A Seoul-based pro-unification civic group led by the youngest son of former South Korean President Kim Dae-jung, whose engagement of Pyongyang won him the Nobel Peace Prize in 2000, gathered with North Korean officials over the past weekend at the Mount Kumgang resort to mark the group’s 20th birthday.

The Korean Council for Reconciliation and Cooperation (KCRC), headed by Kim Hong-gul, 54, said in a press release Monday that both sides agreed to boost cooperation and engagement at all levels.

Blocked by South Korean sanctions that ban tourism in Mount Kumgang, the group said it would “actively pursue … the opening” of the resort by holding events on womankind, youth and academic conferences there, boosting sociocultural exchanges between the two countries.

Mount Kumgang, located at the southeastern edge of North Korea’s Kangwon Province, was a linchpin of inter-Korean cooperation before a South Korean tourist was fatally shot there by a North Korean guard in July 2008. After the North opened a tourist zone at the scenic area in 1998, some two million South Koreans visited until the fatal shooting, which prompted Seoul to impose a travel ban.

The KCRC said it agreed with its North Korean counterpart, the Consultative Council for National Reconciliation, to hold a joint symposium before March 2019 on Korean victims of forced labor during Japan’s colonial rule of the peninsula in the early 20th century.

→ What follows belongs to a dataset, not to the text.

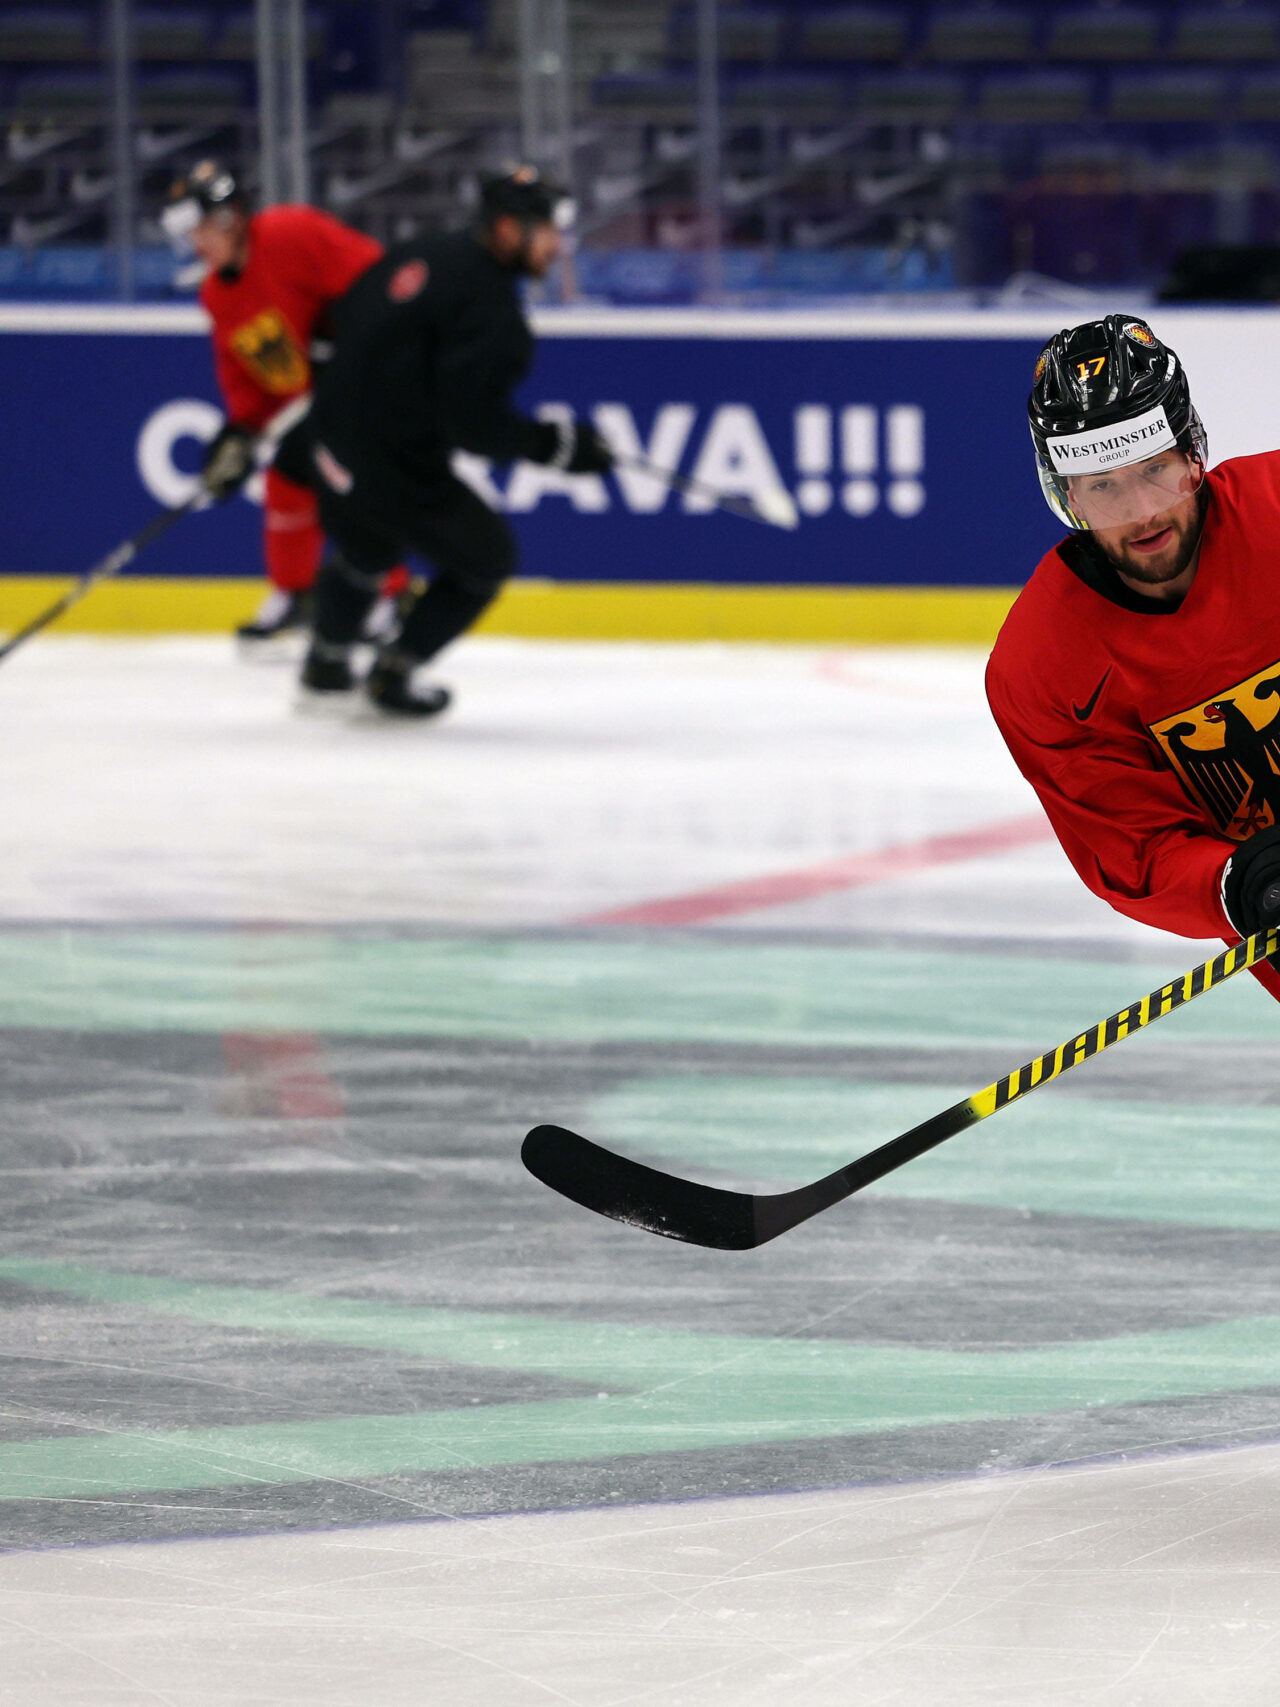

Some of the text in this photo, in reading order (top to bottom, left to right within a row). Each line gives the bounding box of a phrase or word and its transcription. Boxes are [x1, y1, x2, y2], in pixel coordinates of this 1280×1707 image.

Working-level talks on the symposium as well as the formation of unified committees on forced labor and sociocultural exchanges will be held in early December, the press release continued.

The KCRC said it conveyed “various” business proposals to the North, including one from a South Korean company that suggested a march across the peninsula for college students from both Koreas.

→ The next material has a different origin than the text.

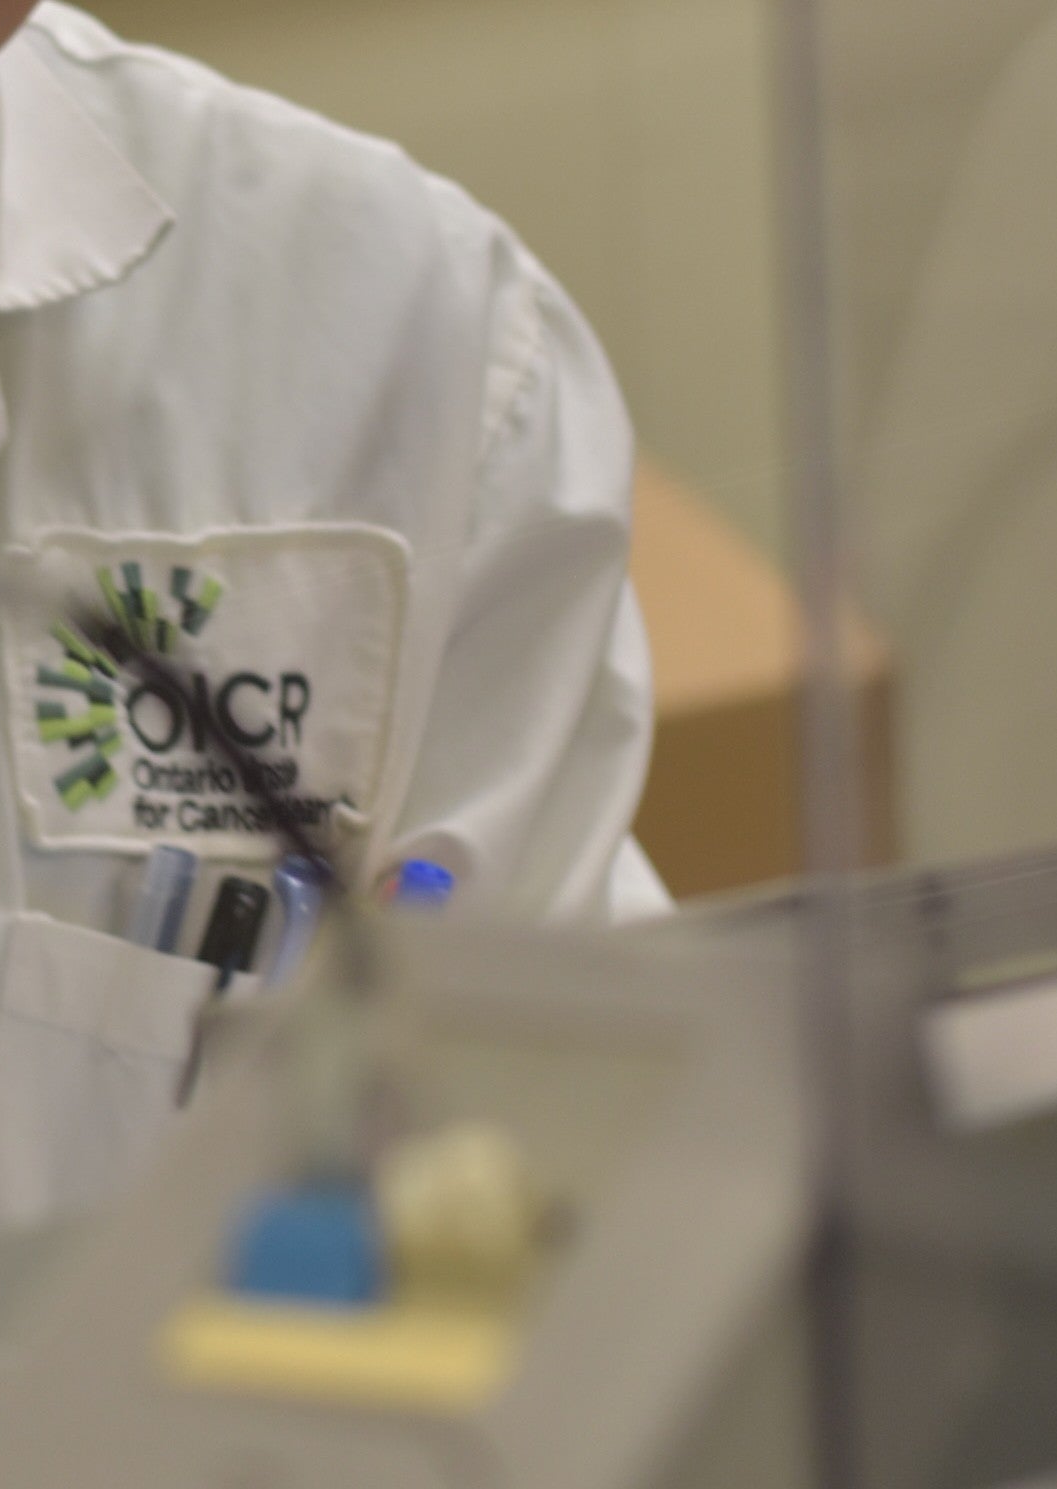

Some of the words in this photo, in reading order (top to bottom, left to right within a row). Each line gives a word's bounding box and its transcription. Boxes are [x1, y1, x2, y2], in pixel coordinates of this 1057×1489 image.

[127, 671, 310, 753] OICR
[133, 758, 236, 793] Ontario
[134, 795, 169, 829] for

The North was said to have replied it would “positively review” the proposals and added it hoped South Korean conservative lawmakers will visit the North to directly talk with them while “seeing the reality.”

Conservative opposition lawmakers snubbed South Korean President Moon Jae-in’s invitation to accompany him to Pyongyang in late September for his third summit with North Korean leader Kim Jong-un.

The 20th anniversary event was held from Saturday to Sunday with 256 people participating from the South and about 120 people from the North. South Korean attendees included KCRC Chairman Kim Hong-gul; Rep. Sul-hoon, a member of the Supreme Council within the ruling Democratic Party (DP); DP Rep. Kim Han-jung; DP Rep. Lee Jae-jung; Kim Ju-young, president of the Federation of Korean Trade Unions; and Choe Keum-sook, president of the Korean National Council of Women, among others.

The North’s side was represented by Kim Yong-dae, chairman of the Consultative Council for National Reconciliation, and other officials.

Several North Korean officials asked a JoongAng Ilbo reporter who was part of the South Korean delegation covering the event how the U.S. midterm election results would impact South-North and North-U.S. relations.